▶ Required action:
Send back every record word for word, with nothing missing.

▶ Records:
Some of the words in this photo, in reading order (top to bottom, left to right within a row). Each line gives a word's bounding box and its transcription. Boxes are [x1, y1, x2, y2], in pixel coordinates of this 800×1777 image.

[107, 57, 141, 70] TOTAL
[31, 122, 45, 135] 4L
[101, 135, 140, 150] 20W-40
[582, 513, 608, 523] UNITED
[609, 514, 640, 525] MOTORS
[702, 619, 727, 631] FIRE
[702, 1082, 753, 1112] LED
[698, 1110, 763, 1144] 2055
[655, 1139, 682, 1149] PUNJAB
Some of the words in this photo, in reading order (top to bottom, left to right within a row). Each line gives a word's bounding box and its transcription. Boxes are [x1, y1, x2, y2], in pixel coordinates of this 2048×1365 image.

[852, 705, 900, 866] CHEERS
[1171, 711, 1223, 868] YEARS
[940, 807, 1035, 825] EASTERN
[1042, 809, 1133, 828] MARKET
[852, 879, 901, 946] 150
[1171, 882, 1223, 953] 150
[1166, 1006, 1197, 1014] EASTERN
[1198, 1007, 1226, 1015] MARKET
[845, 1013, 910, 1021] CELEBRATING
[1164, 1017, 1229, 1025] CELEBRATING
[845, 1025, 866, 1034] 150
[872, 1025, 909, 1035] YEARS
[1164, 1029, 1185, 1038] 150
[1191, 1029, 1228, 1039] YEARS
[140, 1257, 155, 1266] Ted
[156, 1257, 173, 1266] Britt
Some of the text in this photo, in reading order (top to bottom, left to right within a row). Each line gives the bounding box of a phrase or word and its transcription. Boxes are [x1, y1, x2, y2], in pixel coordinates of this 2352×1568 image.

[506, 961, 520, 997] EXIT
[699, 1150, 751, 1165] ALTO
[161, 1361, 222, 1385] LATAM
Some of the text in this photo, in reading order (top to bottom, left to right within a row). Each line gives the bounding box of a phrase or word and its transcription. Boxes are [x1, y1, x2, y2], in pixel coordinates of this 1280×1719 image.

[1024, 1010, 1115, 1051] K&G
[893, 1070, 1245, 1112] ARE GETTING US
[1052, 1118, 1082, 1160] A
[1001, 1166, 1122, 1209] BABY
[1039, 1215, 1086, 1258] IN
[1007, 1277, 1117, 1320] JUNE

▶ Response to the exercise:
Some of the words in this photo, in reading order (top to bottom, left to right within a row). Each line gives a word's bounding box and its transcription. Boxes are [x1, y1, x2, y2], in pixel coordinates of this 800×1777 image.

[107, 57, 141, 70] TOTAL
[31, 122, 45, 135] 4L
[101, 135, 140, 150] 20W-40
[582, 513, 608, 523] UNITED
[609, 514, 640, 525] MOTORS
[702, 619, 727, 631] FIRE
[702, 1082, 753, 1112] LED
[698, 1110, 763, 1144] 2055
[655, 1139, 682, 1149] PUNJAB
Some of the words in this photo, in reading order (top to bottom, left to right within a row). Each line gives a word's bounding box and its transcription. Boxes are [x1, y1, x2, y2], in pixel coordinates of this 2048×1365 image.

[852, 705, 900, 866] CHEERS
[1171, 711, 1223, 868] YEARS
[940, 807, 1035, 825] EASTERN
[1042, 809, 1133, 828] MARKET
[852, 879, 901, 946] 150
[1171, 882, 1223, 953] 150
[1166, 1006, 1197, 1014] EASTERN
[1198, 1007, 1226, 1015] MARKET
[845, 1013, 910, 1021] CELEBRATING
[1164, 1017, 1229, 1025] CELEBRATING
[845, 1025, 866, 1034] 150
[872, 1025, 909, 1035] YEARS
[1164, 1029, 1185, 1038] 150
[1191, 1029, 1228, 1039] YEARS
[140, 1257, 155, 1266] Ted
[156, 1257, 173, 1266] Britt
Some of the text in this photo, in reading order (top to bottom, left to right within a row). Each line gives the bounding box of a phrase or word and its transcription. Boxes are [x1, y1, x2, y2], in pixel coordinates of this 2352×1568 image.

[506, 961, 520, 997] EXIT
[699, 1150, 751, 1165] ALTO
[161, 1361, 222, 1385] LATAM
Some of the text in this photo, in reading order (top to bottom, left to right within a row). Each line gives the bounding box of a phrase or word and its transcription. Boxes are [x1, y1, x2, y2], in pixel coordinates of this 1280×1719 image.

[1024, 1010, 1115, 1051] K&G
[893, 1070, 1245, 1112] ARE GETTING US
[1052, 1118, 1082, 1160] A
[1001, 1166, 1122, 1209] BABY
[1039, 1215, 1086, 1258] IN
[1007, 1277, 1117, 1320] JUNE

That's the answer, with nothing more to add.